When taking all of these into account, I could make a “best case” prediction that I don’t believe to be crazy. If margins are 12%, earnings grow organically at 25%, Atlas trades at 20x, future acquisitions contribute $1.5 million to 2021 earnings, and 35 million shares are outstanding, Atlas would be $3.00. I’m not saying it’s likely, but if Atlas were $3.00 in three years I also wouldn’t be shocked.
Insiders and Other Notable Shareholders
As part of the RTO, Atlas shareholders were entitled to 25% of the now public company. Looking at the insiders summary and including options and warrants, it’s approximately 29%. If I’m at all right about Atlas’ prospects, I expect to see insider buying in earnest even with the already high inside ownership.
Another shareholder is worth mentioning: Brisio Innovations, which bought shares via private placement. For those unfamiliar with the company, this is a good explanation of. That post also takes a look at the other investments that Paul Andreola has made with Brisio. Paul’s track record should be encouraging, and it gives me a small bit of validation that I’m invested alongside him. Looking at the investments he’s made previously gives me a bit more hope that my $3.00 in three years scenario isn’t wishful thinking.
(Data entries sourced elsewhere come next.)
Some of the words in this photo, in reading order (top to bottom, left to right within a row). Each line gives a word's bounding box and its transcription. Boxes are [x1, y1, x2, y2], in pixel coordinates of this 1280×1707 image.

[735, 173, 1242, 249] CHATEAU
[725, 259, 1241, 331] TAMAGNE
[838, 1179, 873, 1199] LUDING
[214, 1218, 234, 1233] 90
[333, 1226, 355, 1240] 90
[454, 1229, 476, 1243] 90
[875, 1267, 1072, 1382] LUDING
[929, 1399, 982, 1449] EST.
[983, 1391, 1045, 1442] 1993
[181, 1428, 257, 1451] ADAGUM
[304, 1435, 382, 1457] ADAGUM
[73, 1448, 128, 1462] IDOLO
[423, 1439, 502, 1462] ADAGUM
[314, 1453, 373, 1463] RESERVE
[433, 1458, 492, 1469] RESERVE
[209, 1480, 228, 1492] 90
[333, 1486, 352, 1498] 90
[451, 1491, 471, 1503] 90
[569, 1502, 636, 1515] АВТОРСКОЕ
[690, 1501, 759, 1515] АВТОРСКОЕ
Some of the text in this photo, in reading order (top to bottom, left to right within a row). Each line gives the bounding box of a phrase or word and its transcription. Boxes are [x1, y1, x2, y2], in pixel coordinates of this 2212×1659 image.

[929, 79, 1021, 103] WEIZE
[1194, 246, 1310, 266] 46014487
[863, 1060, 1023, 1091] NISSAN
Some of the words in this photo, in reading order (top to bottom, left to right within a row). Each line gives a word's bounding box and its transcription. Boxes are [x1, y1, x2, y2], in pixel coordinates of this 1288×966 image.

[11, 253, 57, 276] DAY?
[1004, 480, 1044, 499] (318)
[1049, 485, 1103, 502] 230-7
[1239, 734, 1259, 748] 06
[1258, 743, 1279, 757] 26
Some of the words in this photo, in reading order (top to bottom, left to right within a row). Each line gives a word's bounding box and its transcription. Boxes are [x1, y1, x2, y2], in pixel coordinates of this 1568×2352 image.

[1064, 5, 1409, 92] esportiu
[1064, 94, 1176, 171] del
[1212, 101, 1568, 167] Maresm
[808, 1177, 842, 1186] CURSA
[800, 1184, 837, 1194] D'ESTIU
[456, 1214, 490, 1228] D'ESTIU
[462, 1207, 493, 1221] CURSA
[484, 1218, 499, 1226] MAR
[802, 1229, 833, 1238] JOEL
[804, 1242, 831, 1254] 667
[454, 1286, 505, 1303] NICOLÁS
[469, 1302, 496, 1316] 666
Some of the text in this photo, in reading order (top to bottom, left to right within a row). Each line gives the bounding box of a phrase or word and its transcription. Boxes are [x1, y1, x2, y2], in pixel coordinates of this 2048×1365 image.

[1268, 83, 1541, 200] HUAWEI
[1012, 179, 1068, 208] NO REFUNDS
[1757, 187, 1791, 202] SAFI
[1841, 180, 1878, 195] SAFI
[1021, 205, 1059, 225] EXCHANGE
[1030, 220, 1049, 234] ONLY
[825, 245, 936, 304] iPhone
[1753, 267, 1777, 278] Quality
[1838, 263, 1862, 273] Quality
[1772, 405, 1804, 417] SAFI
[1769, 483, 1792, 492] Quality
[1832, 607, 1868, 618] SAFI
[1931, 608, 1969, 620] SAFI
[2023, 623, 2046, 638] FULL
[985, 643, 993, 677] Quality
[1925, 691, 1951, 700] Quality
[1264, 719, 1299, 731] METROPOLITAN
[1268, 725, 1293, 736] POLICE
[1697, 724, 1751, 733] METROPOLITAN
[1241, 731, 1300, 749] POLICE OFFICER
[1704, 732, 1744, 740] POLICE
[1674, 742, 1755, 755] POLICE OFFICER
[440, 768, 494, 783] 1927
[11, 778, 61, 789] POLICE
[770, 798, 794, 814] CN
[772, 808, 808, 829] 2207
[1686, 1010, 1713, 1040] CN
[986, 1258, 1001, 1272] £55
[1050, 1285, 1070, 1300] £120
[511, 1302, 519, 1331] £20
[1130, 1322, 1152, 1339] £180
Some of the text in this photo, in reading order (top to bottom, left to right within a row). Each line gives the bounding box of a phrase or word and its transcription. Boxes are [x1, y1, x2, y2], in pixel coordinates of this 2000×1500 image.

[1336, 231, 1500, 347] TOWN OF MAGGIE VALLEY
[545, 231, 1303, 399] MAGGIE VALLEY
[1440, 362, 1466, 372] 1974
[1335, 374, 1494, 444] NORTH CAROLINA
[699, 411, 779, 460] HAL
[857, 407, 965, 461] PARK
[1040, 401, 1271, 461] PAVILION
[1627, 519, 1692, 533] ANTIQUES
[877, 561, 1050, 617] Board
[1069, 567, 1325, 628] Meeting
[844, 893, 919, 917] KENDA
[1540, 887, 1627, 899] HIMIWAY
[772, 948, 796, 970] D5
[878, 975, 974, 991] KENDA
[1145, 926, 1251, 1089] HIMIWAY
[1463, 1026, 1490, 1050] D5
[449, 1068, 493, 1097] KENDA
I feel I’ve rambled on long enough. My thoughts can pretty well be summed up as Atlas is growing a lot and the market hasn’t fully appreciated it yet. I’m usually very late to these parties (as can be seen by buying Stella-Jones in 2017 but watching it for like six years). Luckily even I can see the growth ahead of Atlas, and the valuation here is compelling.
Disclosure: I am long AEP, and plan to buy more.